● WHAT YOU SHOULD DO
Your task is to repeat the entries word for word while leaving out the pictures.

● Records from a data collection
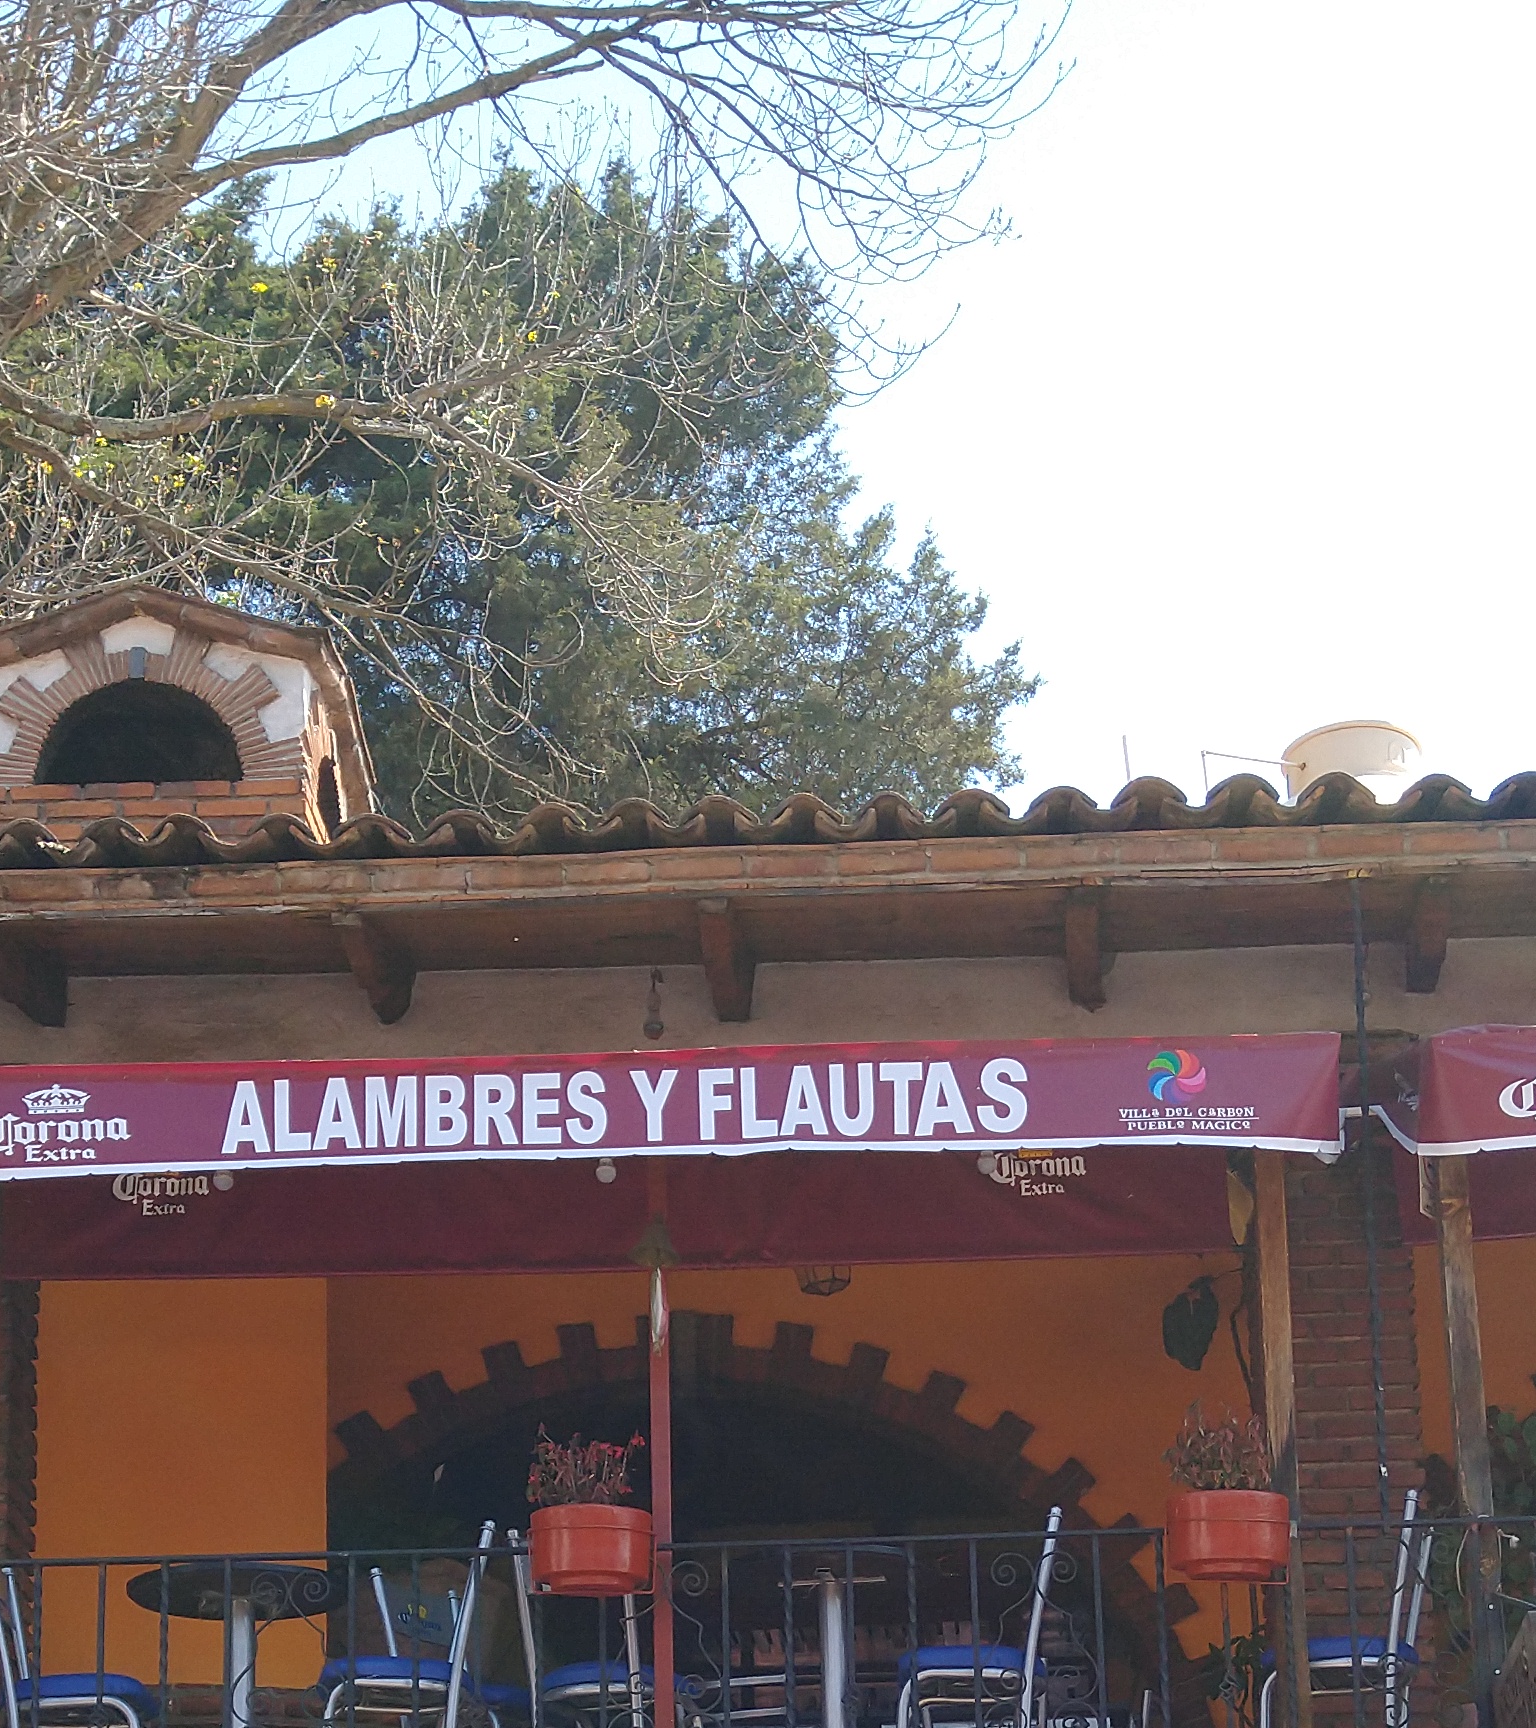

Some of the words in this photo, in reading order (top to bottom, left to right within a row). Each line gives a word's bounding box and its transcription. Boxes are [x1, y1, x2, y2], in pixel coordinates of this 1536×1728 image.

[221, 1070, 608, 1154] ALAMBRES
[629, 1069, 679, 1143] Y
[698, 1057, 1028, 1141] FLAUTAS
[25, 1143, 96, 1163] Extra
[989, 1153, 1086, 1187] Corona
[112, 1173, 209, 1205] Corona
[1020, 1179, 1064, 1196] Extra
[142, 1198, 185, 1216] Extra

● EXERCISE SOLUTION
Some of the words in this photo, in reading order (top to bottom, left to right within a row). Each line gives a word's bounding box and its transcription. Boxes are [x1, y1, x2, y2], in pixel coordinates of this 1536×1728 image.

[221, 1070, 608, 1154] ALAMBRES
[629, 1069, 679, 1143] Y
[698, 1057, 1028, 1141] FLAUTAS
[25, 1143, 96, 1163] Extra
[989, 1153, 1086, 1187] Corona
[112, 1173, 209, 1205] Corona
[1020, 1179, 1064, 1196] Extra
[142, 1198, 185, 1216] Extra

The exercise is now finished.